**PROBLEM TO WORK ON:**
Produce a verbatim copy of the records, and keep the images out of it.

**RECORDS:**
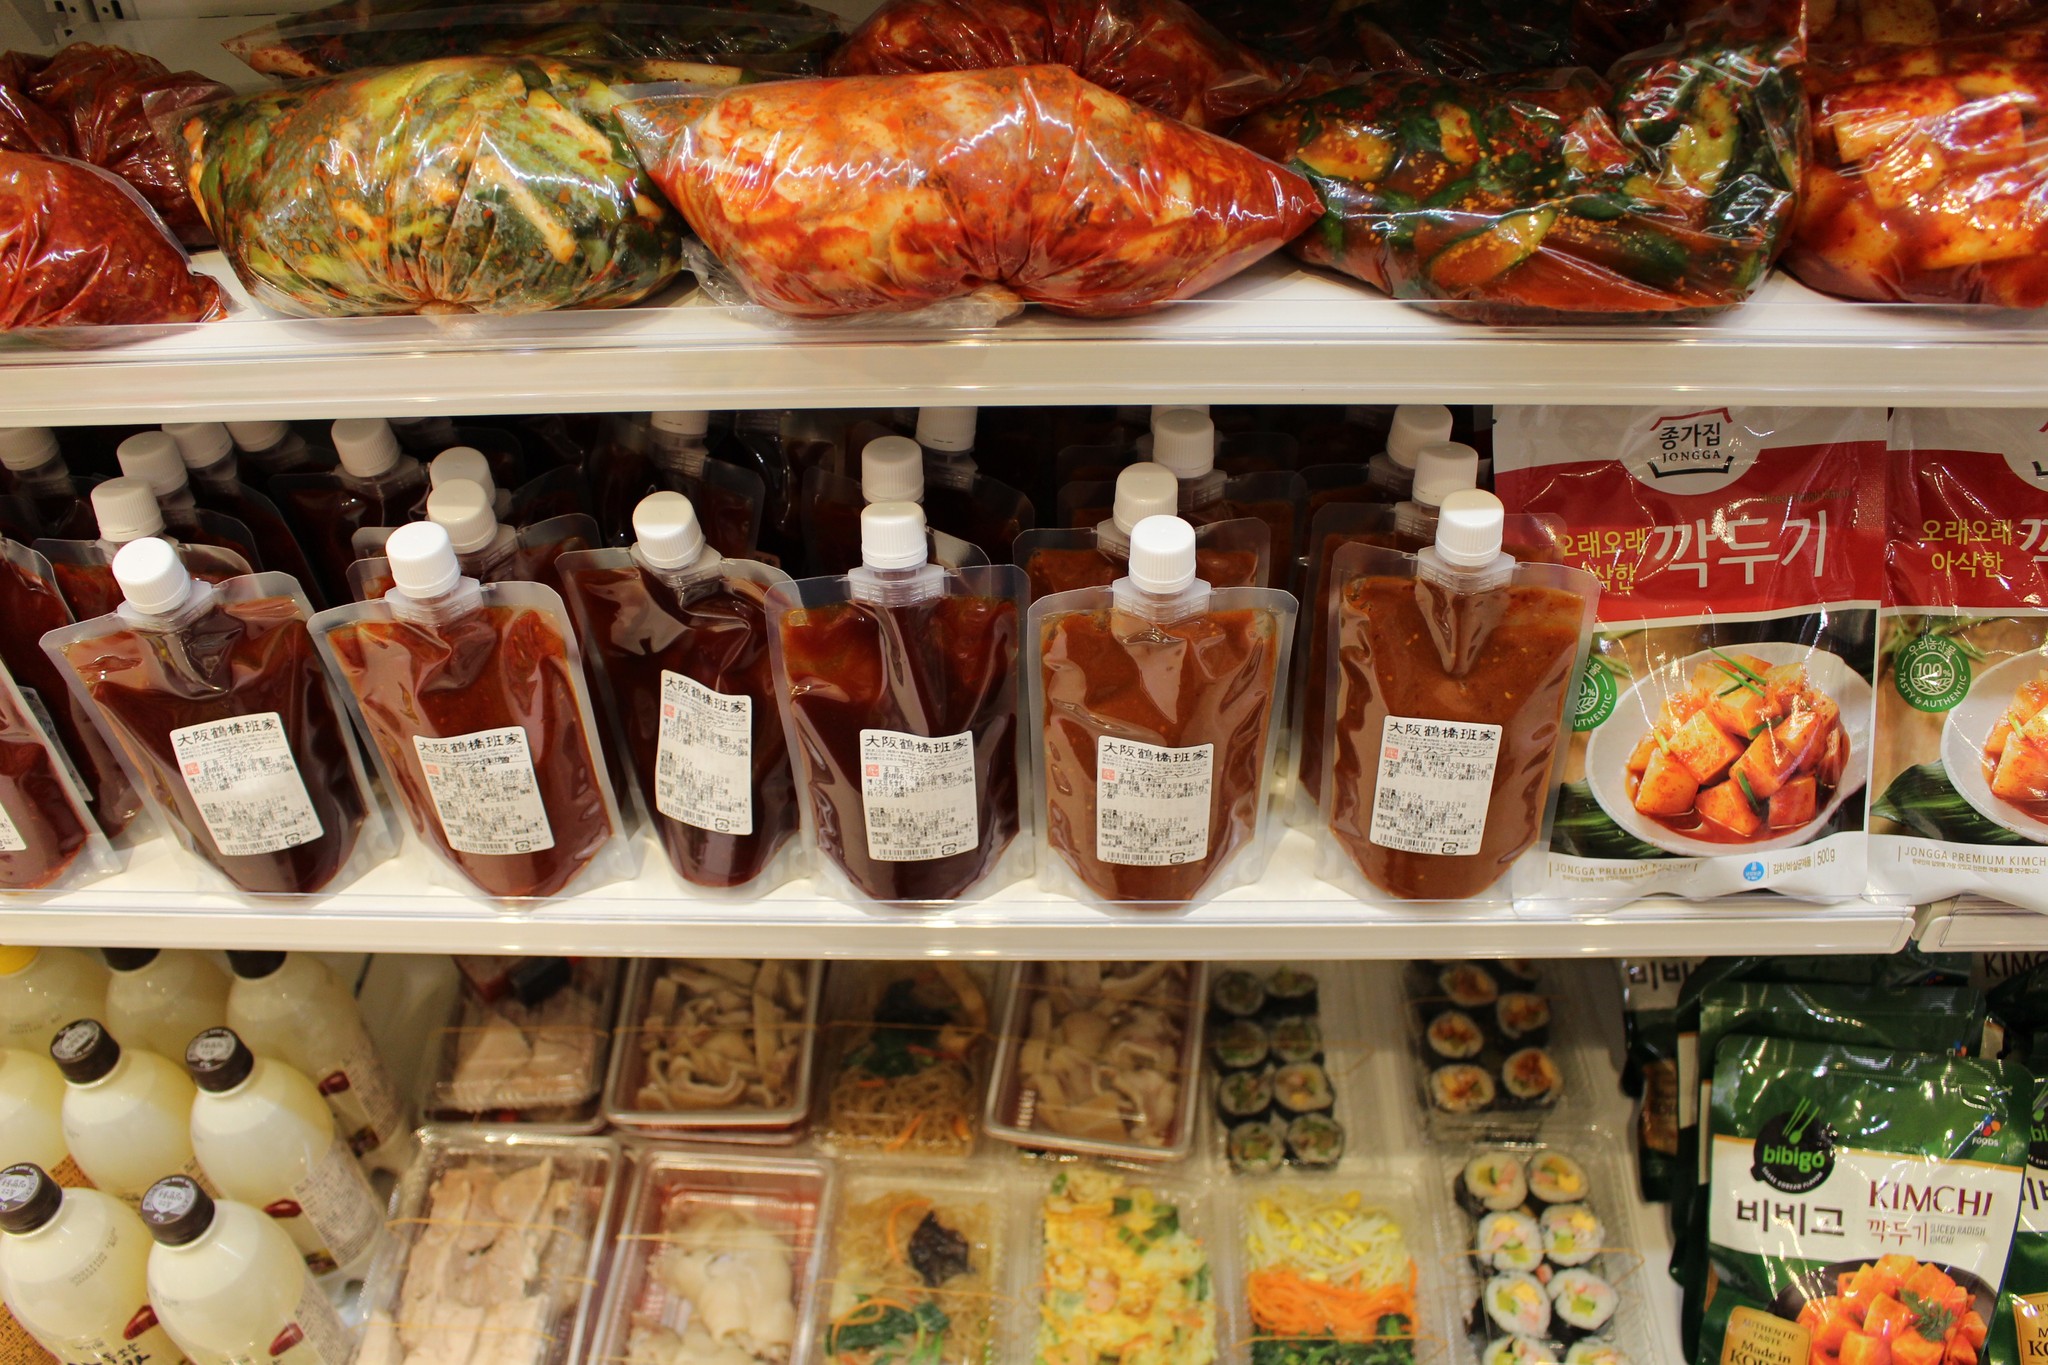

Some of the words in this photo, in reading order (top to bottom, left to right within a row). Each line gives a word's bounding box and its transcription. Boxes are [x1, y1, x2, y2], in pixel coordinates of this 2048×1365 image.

[1659, 422, 1720, 450] 종가집
[1662, 450, 1721, 463] JONGGA
[1561, 527, 1647, 559] 오래오래
[1919, 519, 2012, 545] 오래오래
[1653, 510, 1828, 588] 깍두기
[1581, 561, 1636, 592] 삭한
[1931, 551, 2004, 578] 아삭한
[1908, 637, 1957, 657] 우리농산물
[1899, 671, 1916, 698] TASTY
[1915, 696, 1922, 704] &
[1922, 675, 1967, 708] AUTHENTIC
[1574, 693, 1612, 727] UTHENTIC
[864, 735, 968, 754] 大阪鶴橋班家
[1388, 722, 1497, 742] 大阪鶴橋班家
[1103, 741, 1208, 763] 大阪鶴橋班家
[1555, 863, 1595, 876] JONGGA
[1599, 864, 1648, 875] PREMIUM
[1904, 846, 1949, 860] JONGGA
[1952, 852, 2004, 866] PREMIUM
[2009, 856, 2047, 867] KIMCH
[1972, 1137, 1999, 1147] FOODS
[1763, 1144, 1825, 1173] bibigo
[1869, 1180, 1993, 1216] KIMCHI
[1737, 1199, 1845, 1236] 비비고
[1958, 1225, 1986, 1236] RADISH
[1867, 1220, 1928, 1247] 깍두기
[1742, 1340, 1776, 1359] Made
[1778, 1353, 1791, 1364] in
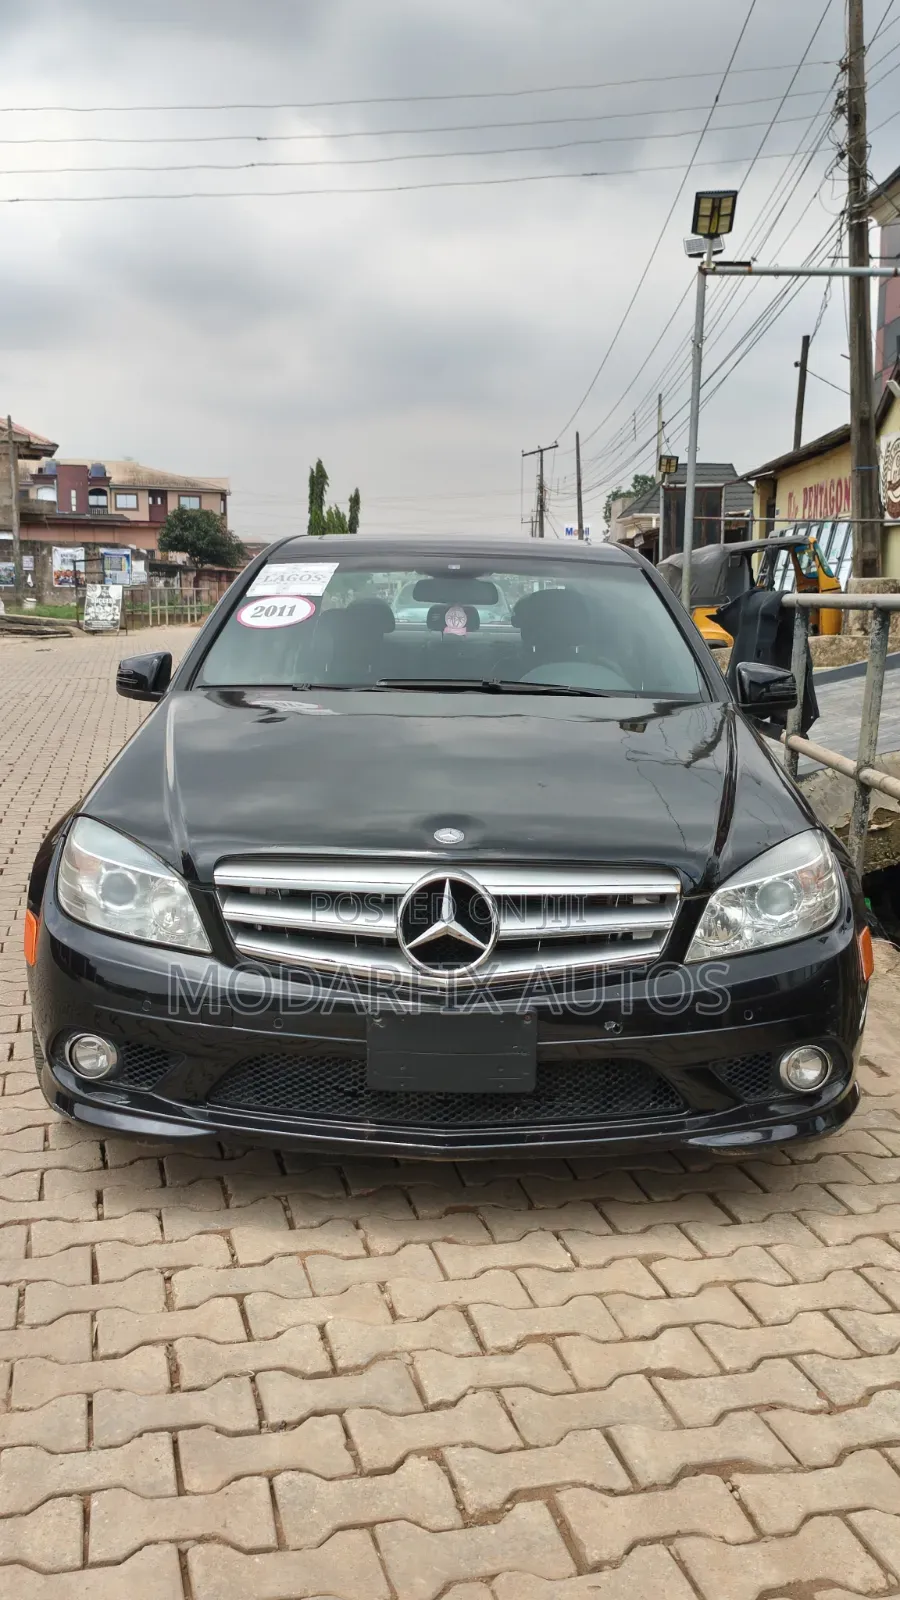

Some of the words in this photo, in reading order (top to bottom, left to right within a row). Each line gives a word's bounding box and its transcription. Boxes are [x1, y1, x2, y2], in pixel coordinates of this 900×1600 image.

[803, 476, 850, 519] PENTAGON
[565, 527, 589, 536] Moil
[263, 573, 324, 583] LAGOS
[250, 604, 297, 618] 2011

**TASK OUTPUT:**
Some of the words in this photo, in reading order (top to bottom, left to right within a row). Each line gives a word's bounding box and its transcription. Boxes are [x1, y1, x2, y2], in pixel coordinates of this 2048×1365 image.

[1659, 422, 1720, 450] 종가집
[1662, 450, 1721, 463] JONGGA
[1561, 527, 1647, 559] 오래오래
[1919, 519, 2012, 545] 오래오래
[1653, 510, 1828, 588] 깍두기
[1581, 561, 1636, 592] 삭한
[1931, 551, 2004, 578] 아삭한
[1908, 637, 1957, 657] 우리농산물
[1899, 671, 1916, 698] TASTY
[1915, 696, 1922, 704] &
[1922, 675, 1967, 708] AUTHENTIC
[1574, 693, 1612, 727] UTHENTIC
[864, 735, 968, 754] 大阪鶴橋班家
[1388, 722, 1497, 742] 大阪鶴橋班家
[1103, 741, 1208, 763] 大阪鶴橋班家
[1555, 863, 1595, 876] JONGGA
[1599, 864, 1648, 875] PREMIUM
[1904, 846, 1949, 860] JONGGA
[1952, 852, 2004, 866] PREMIUM
[2009, 856, 2047, 867] KIMCH
[1972, 1137, 1999, 1147] FOODS
[1763, 1144, 1825, 1173] bibigo
[1869, 1180, 1993, 1216] KIMCHI
[1737, 1199, 1845, 1236] 비비고
[1958, 1225, 1986, 1236] RADISH
[1867, 1220, 1928, 1247] 깍두기
[1742, 1340, 1776, 1359] Made
[1778, 1353, 1791, 1364] in

Some of the words in this photo, in reading order (top to bottom, left to right within a row). Each line gives a word's bounding box and its transcription. Boxes are [x1, y1, x2, y2], in pixel coordinates of this 900×1600 image.

[803, 476, 850, 519] PENTAGON
[565, 527, 589, 536] Moil
[263, 573, 324, 583] LAGOS
[250, 604, 297, 618] 2011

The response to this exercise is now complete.